What you are asked to do:
All records, minus the pictures: write them out exactly.

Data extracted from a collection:
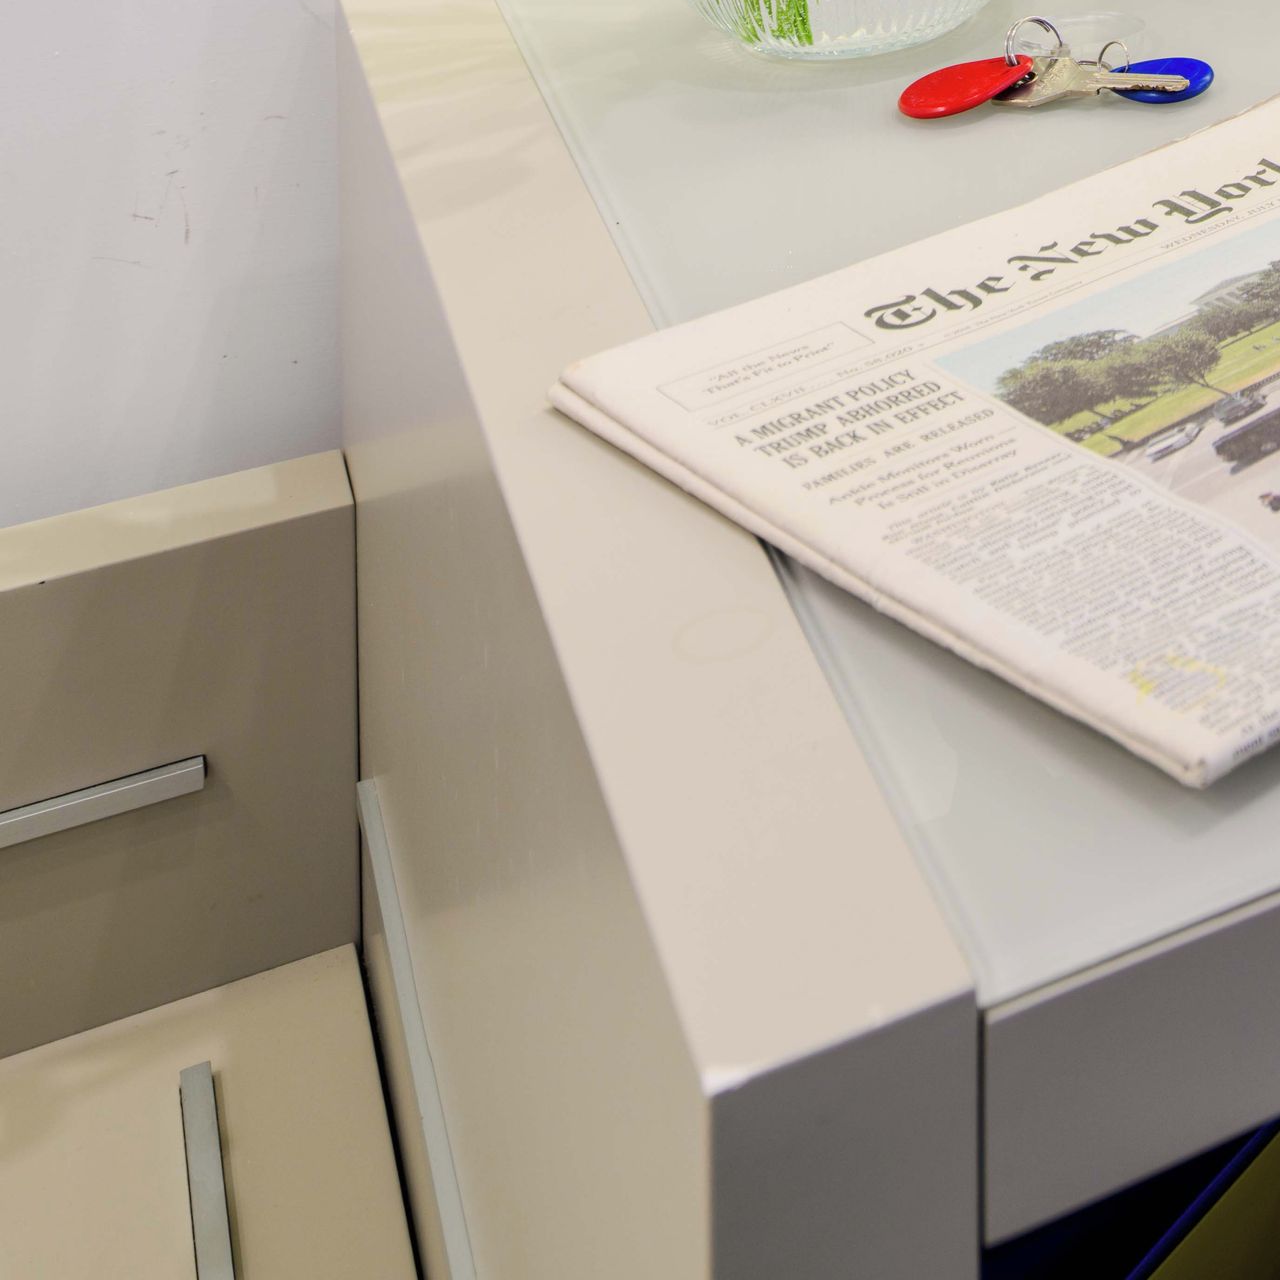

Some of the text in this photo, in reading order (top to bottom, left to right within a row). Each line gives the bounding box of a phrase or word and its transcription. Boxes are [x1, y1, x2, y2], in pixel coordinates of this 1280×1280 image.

[1246, 200, 1275, 216] JULY
[864, 276, 1009, 331] The
[1007, 218, 1158, 281] New
[734, 369, 915, 447] A MIGRANT POLICY
[758, 381, 941, 457] TRUMP ABHORRED
[781, 391, 964, 469] IS BACK IN EFFECT
[949, 435, 995, 453] Worn
[802, 409, 995, 490] FAMILIES ARE RELEASED
[853, 479, 915, 507] Process
[916, 468, 941, 481] for
[895, 485, 929, 500] Still
[933, 478, 951, 488] in

Solution:
Some of the text in this photo, in reading order (top to bottom, left to right within a row). Each line gives the bounding box of a phrase or word and its transcription. Boxes are [x1, y1, x2, y2], in pixel coordinates of this 1280×1280 image.

[1246, 200, 1275, 216] JULY
[864, 276, 1009, 331] The
[1007, 218, 1158, 281] New
[734, 369, 915, 447] A MIGRANT POLICY
[758, 381, 941, 457] TRUMP ABHORRED
[781, 391, 964, 469] IS BACK IN EFFECT
[949, 435, 995, 453] Worn
[802, 409, 995, 490] FAMILIES ARE RELEASED
[853, 479, 915, 507] Process
[916, 468, 941, 481] for
[895, 485, 929, 500] Still
[933, 478, 951, 488] in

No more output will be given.